[AIM OF THE EXERCISE]
Pictures do not belong in the copy; retype the records below exactly.

[EXERCISE DATA]
***

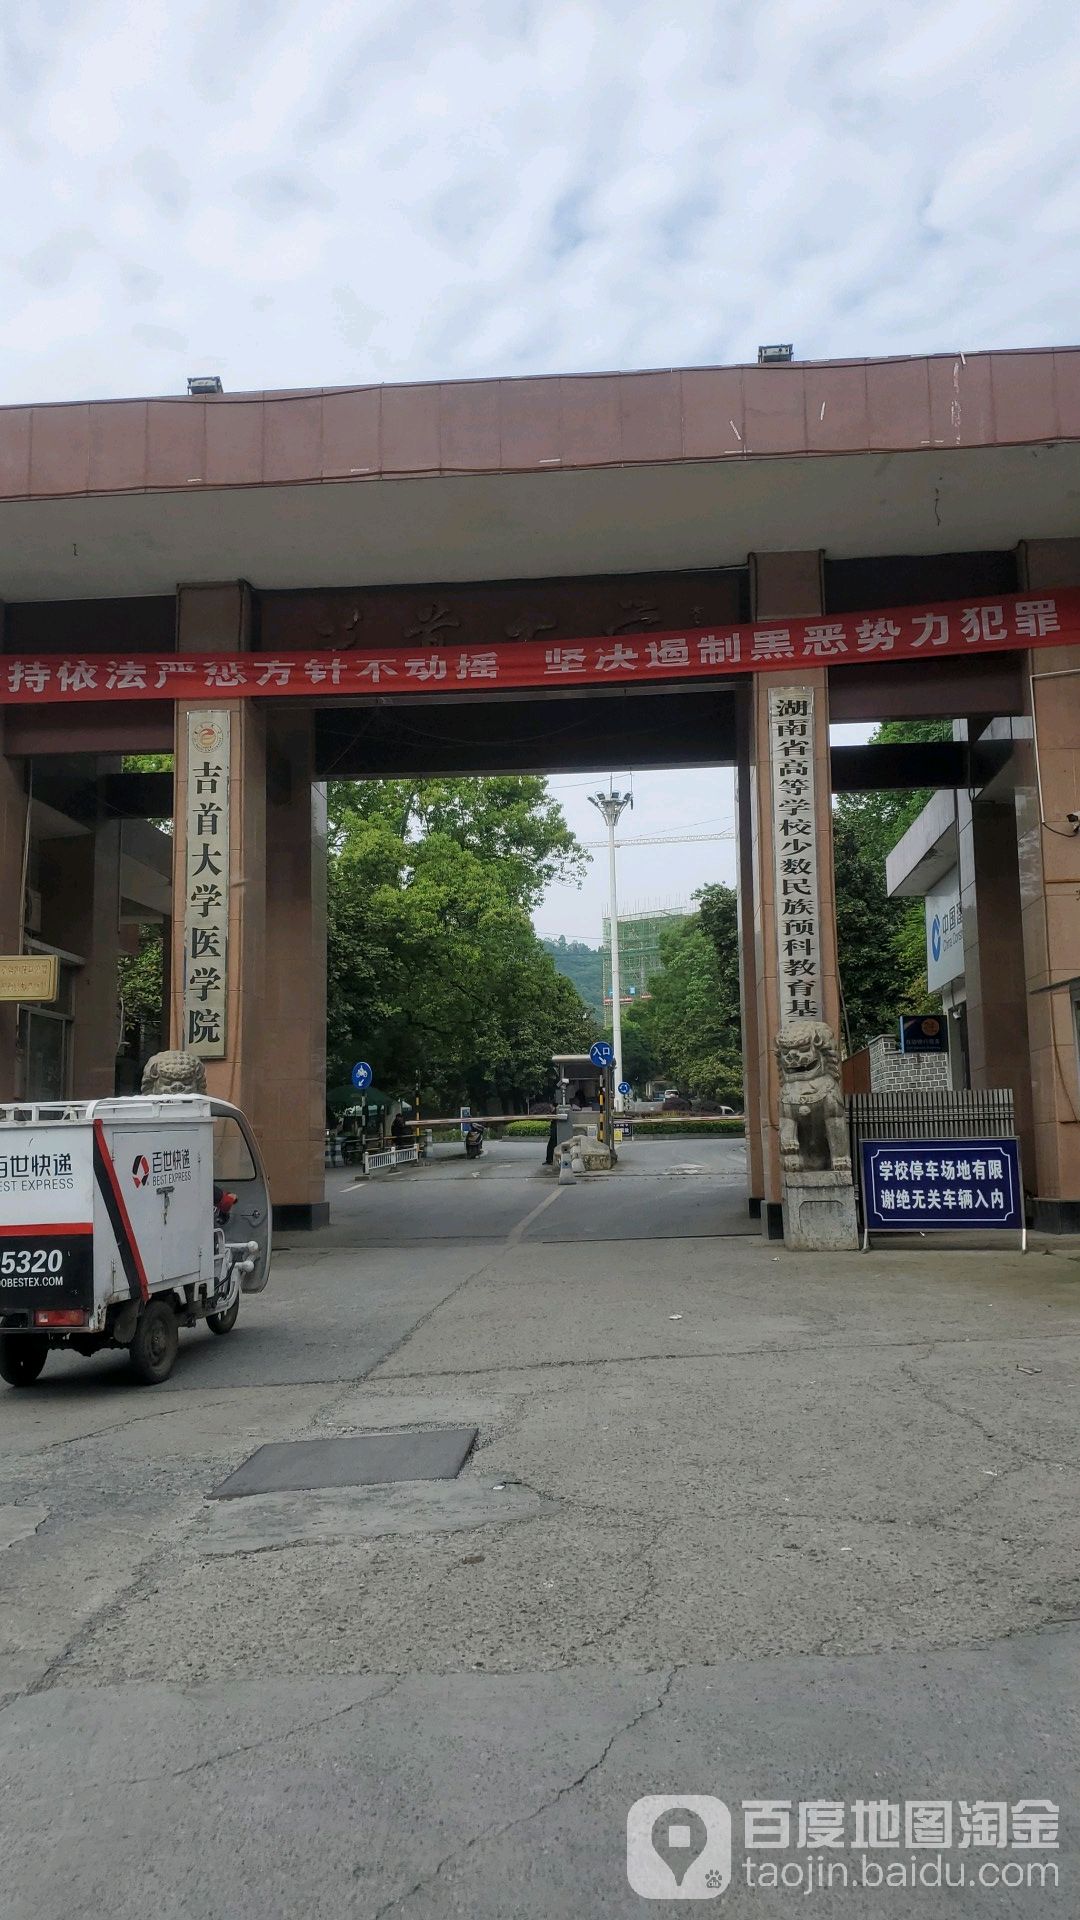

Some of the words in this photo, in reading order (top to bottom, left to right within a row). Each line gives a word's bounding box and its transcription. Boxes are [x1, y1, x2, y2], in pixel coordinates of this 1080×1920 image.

[544, 599, 1061, 674] 坚决遏制黑恶势力犯罪
[776, 699, 818, 1022] 湖南省高等学校少数民族预科教育基
[189, 761, 222, 1044] 吉首大学医学院
[593, 1047, 610, 1056] 入口
[152, 1149, 190, 1173] 百世快递
[879, 1159, 1004, 1181] 学校停车场地有限
[21, 1178, 74, 1192] EXPRESS
[152, 1174, 167, 1187] BEST
[168, 1170, 191, 1184] EXPRESS
[881, 1188, 1004, 1210] 谢绝无关车辆入内
[1, 1249, 63, 1274] 5320
[0, 1276, 63, 1288] 0BESTEX.COM

***

[RESPONSE TO THE TASK]
Some of the words in this photo, in reading order (top to bottom, left to right within a row). Each line gives a word's bounding box and its transcription. Boxes are [x1, y1, x2, y2], in pixel coordinates of this 1080×1920 image.

[544, 599, 1061, 674] 坚决遏制黑恶势力犯罪
[776, 699, 818, 1022] 湖南省高等学校少数民族预科教育基
[189, 761, 222, 1044] 吉首大学医学院
[593, 1047, 610, 1056] 入口
[152, 1149, 190, 1173] 百世快递
[879, 1159, 1004, 1181] 学校停车场地有限
[21, 1178, 74, 1192] EXPRESS
[152, 1174, 167, 1187] BEST
[168, 1170, 191, 1184] EXPRESS
[881, 1188, 1004, 1210] 谢绝无关车辆入内
[1, 1249, 63, 1274] 5320
[0, 1276, 63, 1288] 0BESTEX.COM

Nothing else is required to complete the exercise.